NBA Makes Virtual Reality a Real Deal

The opening of the National Basketball Association season featured a notable score with some assist leaders, as the league, Turner Sports and NextVR offered up the first publicly available production of a live professional sports game in virtual reality (VR).

That opening night Golden State Warriors-New Orleans Pelicans game — including the ring ceremony for the NBA champion Warriors — is notable because it highlighted both the tremendous progress that has been made in the development of VR production technologies and some ongoing challenges that still require custom-built systems.

It’s a work in progress, and progress is ongoing. During the 2013-14 season, the league worked with NextVR to capture a Warriors-Denver Nuggets game, and in the 2014-15 season, NBA Digital — a partnership between Turner Sports and the NBA — delivered highlights of the All-Star Game and State Farm All-Star Saturday nights to fans.

The NBA Digital partnership is focused on enhancing the game experience, and Turner Sports and the league wanted to use the Warriors-Pelicans matchup to recreate the experience of watching a game at courtside, Turner Sports executive vice president and general manager Matt Hong said.

“One of the interesting stats from the league is that … the vast majority of basketball fans do not have the ability to attend a game in person,” Hong said. “So this was really an attempt to give people a virtual experience of the courtside experience.”

On the consumer side, the penetration of VR technologies is still relatively small, but many viewers could access the stream on the Oculus Home app via the NextVR portal without laying out the thousands of dollars that were needed for home equipment to view early HD, 3D and more recently 4K productions.


Owners of newer Samsung phones could view the content on Samsung Gear VR headsets, which currently sell for less than $200 but will drop to $99.99 when a new model hits the market later this month.

On the production side, the VR feed required a separate crew and gear, Hong said, but those additional resources were “relatively light” compared to the 20 HD cameras and mobile truck used for Turner’s regular production of the game.

For the presentation, NextVR used a mobile production flight pack for the arena with a switcher, mixer, monitors and other gear, NextVR cofounder DJ Roller said. The rigs, each of which was equipped with two Red Digital Cinema cameras, were linked by fiber to the switcher, which was supplied by For-A, and other equipment so that no camera operators were needed.

“We had four rigs, with two cameras a rig,” Roller said. “There was one at midcourt, one under the basket, one at mid-level in the arena and a fourth was a roving camera that put the audience out on the floor, as if you were standing there during the ring ceremony.”

The system is capable of switching between cameras as a director might during a regular telecast, “but for this production we wanted to recreate the live game experience,” with very lengthy shots from center court and other camera positions, Roller said.

Keeping with that approach, the feed had no ads or any of the usual graphics or play-by-play announcers. The audio focused on natural sounds, such as crowd noises and the squeak of sneakers on the floor. Regular audio was supplemented by binaural microphones, which are shaped something like human ears to help achieve an immersive sound experience, Roller said.
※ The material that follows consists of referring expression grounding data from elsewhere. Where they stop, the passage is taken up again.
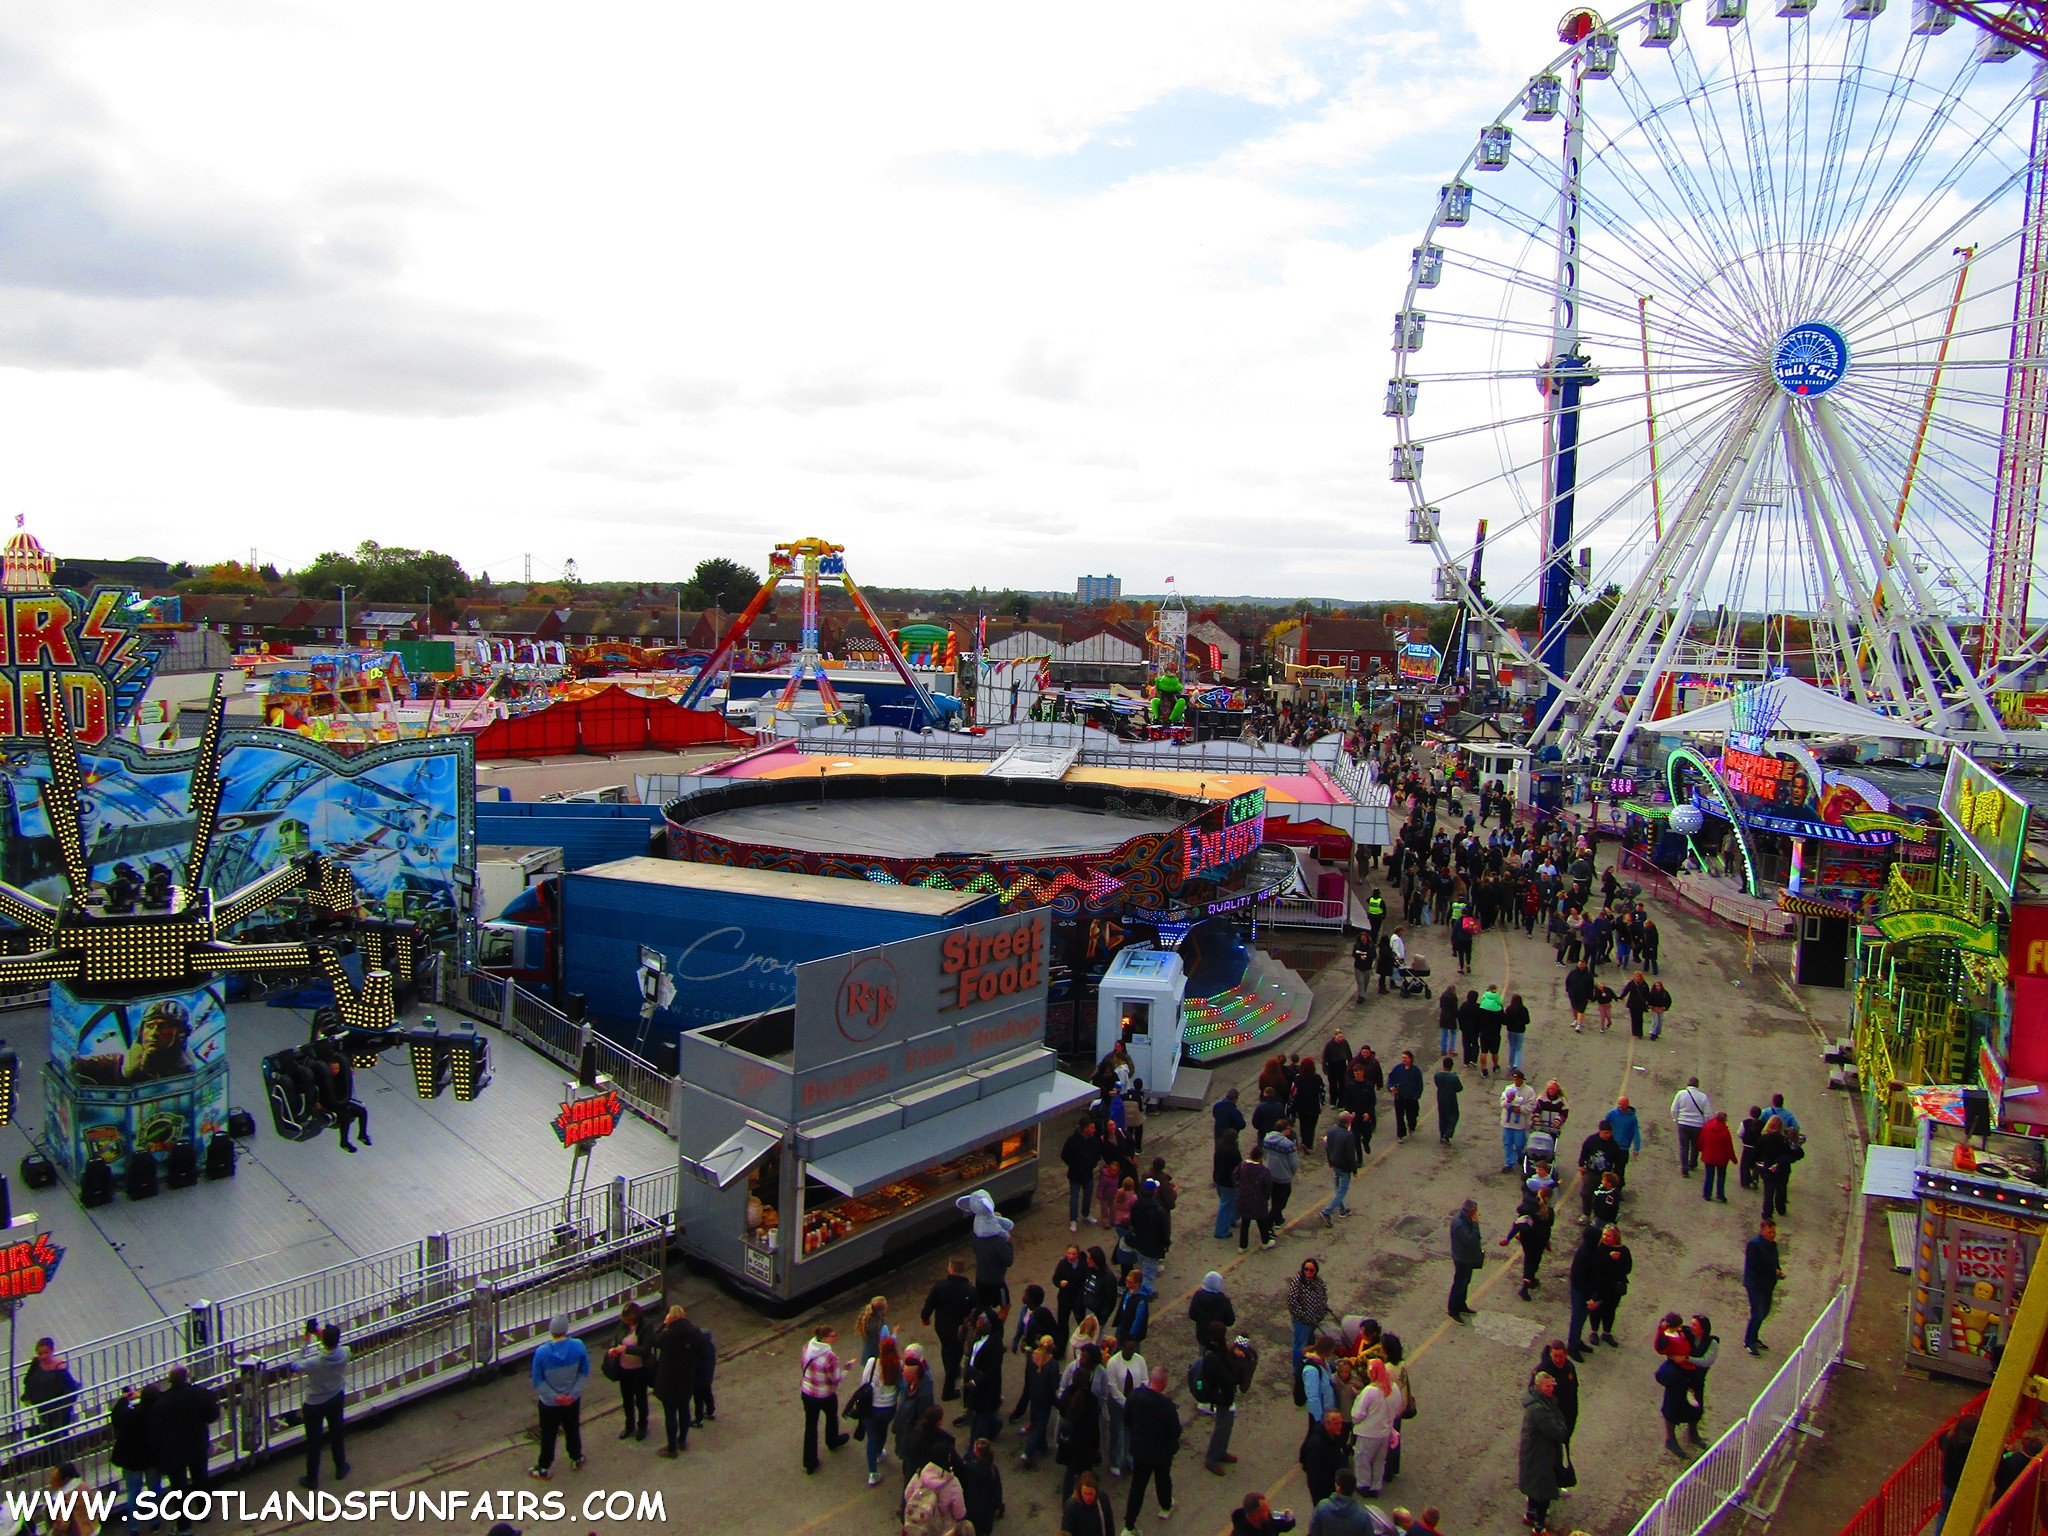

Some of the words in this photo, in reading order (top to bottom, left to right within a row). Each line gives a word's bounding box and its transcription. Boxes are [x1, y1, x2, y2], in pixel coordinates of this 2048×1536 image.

[1776, 364, 1804, 379] Hull
[1808, 365, 1839, 381] Fair
[1207, 896, 1251, 914] QUALITY
[943, 916, 1044, 974] Street
[2027, 941, 2048, 974] F
[958, 951, 1040, 1009] Food
[906, 1043, 956, 1074] Fries
[572, 1096, 607, 1122] AIR
[565, 1115, 614, 1147] RAID
[1958, 1261, 2006, 1279] BOX
Unlike the early experiments with HDTV and 4K feeds, NextVR technologies, which include their own encoders and codec, required only 6 Megabits per second of data. Thus, the feeds are viewable on phones with just a 3G, 4G or WiFi connection.
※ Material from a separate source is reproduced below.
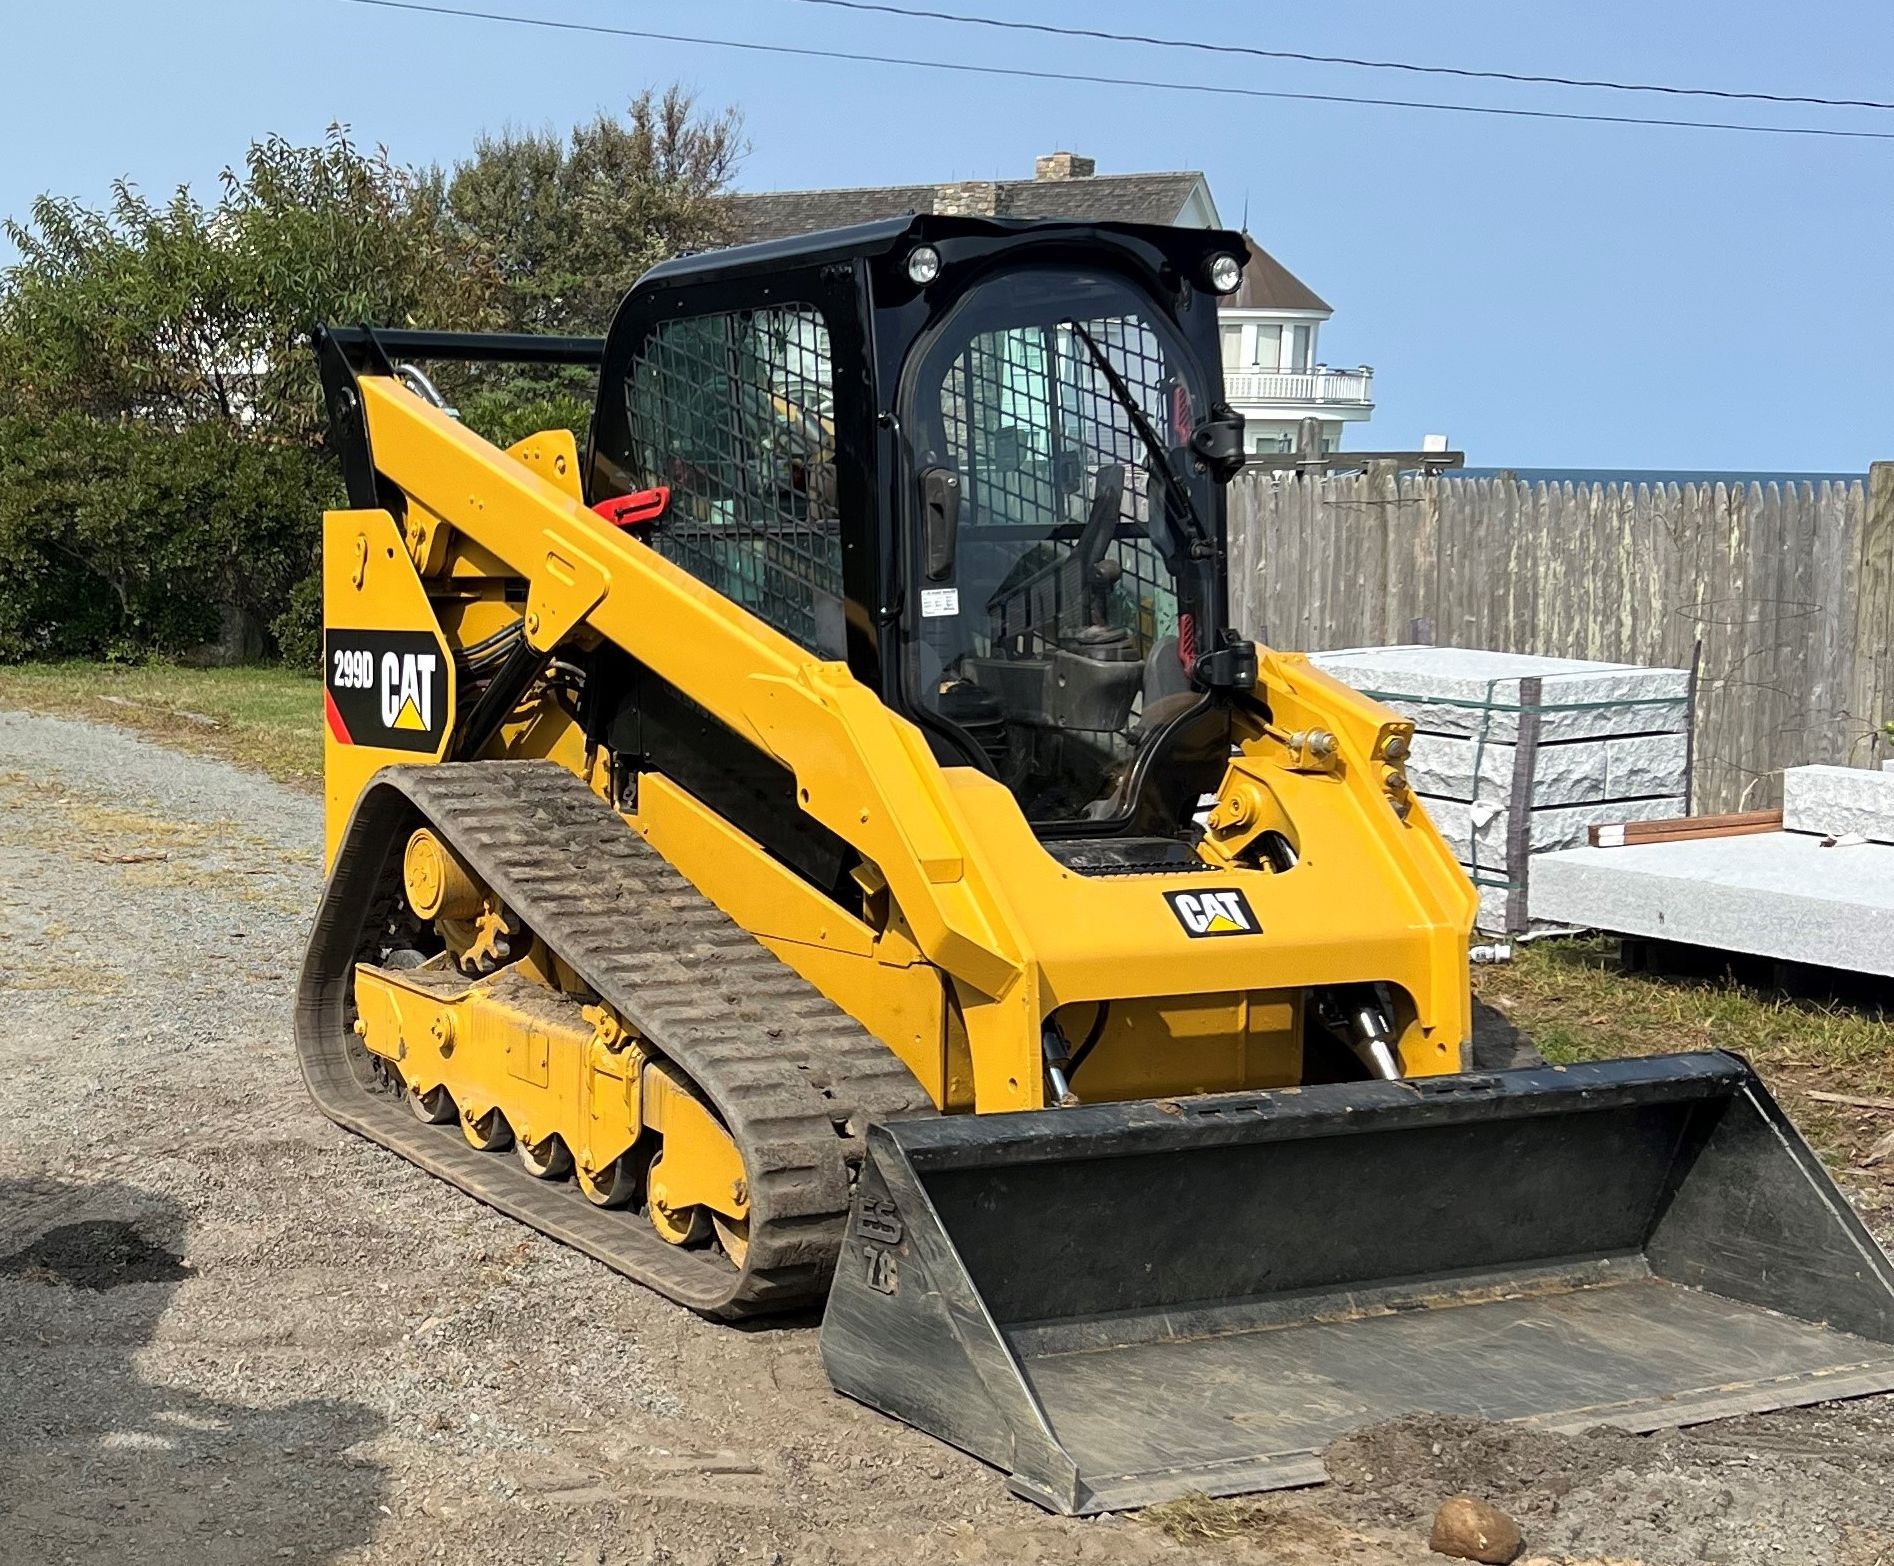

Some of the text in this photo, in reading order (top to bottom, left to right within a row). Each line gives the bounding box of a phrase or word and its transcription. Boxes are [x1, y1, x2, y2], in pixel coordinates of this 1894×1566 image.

[334, 650, 436, 731] 299D CAT
[1175, 892, 1251, 932] CAT
[863, 1246, 898, 1295] 78
The reduced bandwidth and higher-quality stereoscopic VR feed rests on technologies that the company has been developing over a number of years. Roller noted that they had initially used “stitching technologies” that knit together different images from different cameras to create a 180- or 360-degree view.

The process of stitching the images together creates seams that then need to be laboriously blurred out, though, and that makes the systems less appealing for live production and reduces overall video quality.

To overcome those problems, NextVR has developed 23 patents that have been approved or are pending. Using a proprietary codec and a variety of metadata and spatial information, images from the camera are rendered onto what Roller compares to a matrix as it reaches the viewer without the need to stitch overlapping images together.

“It is completely different from what everyone else is doing,” he said.

While much of NextVR’s capabilities rest on custom- built technology, Roller said the company has always worked to create technology that “is practical and implementable in a broadcast environment.”

“We’ve had to build a lot of things from the ground up, but ultimately we hope that you will be able to buy these cameras and equipment off the shelf,” he said.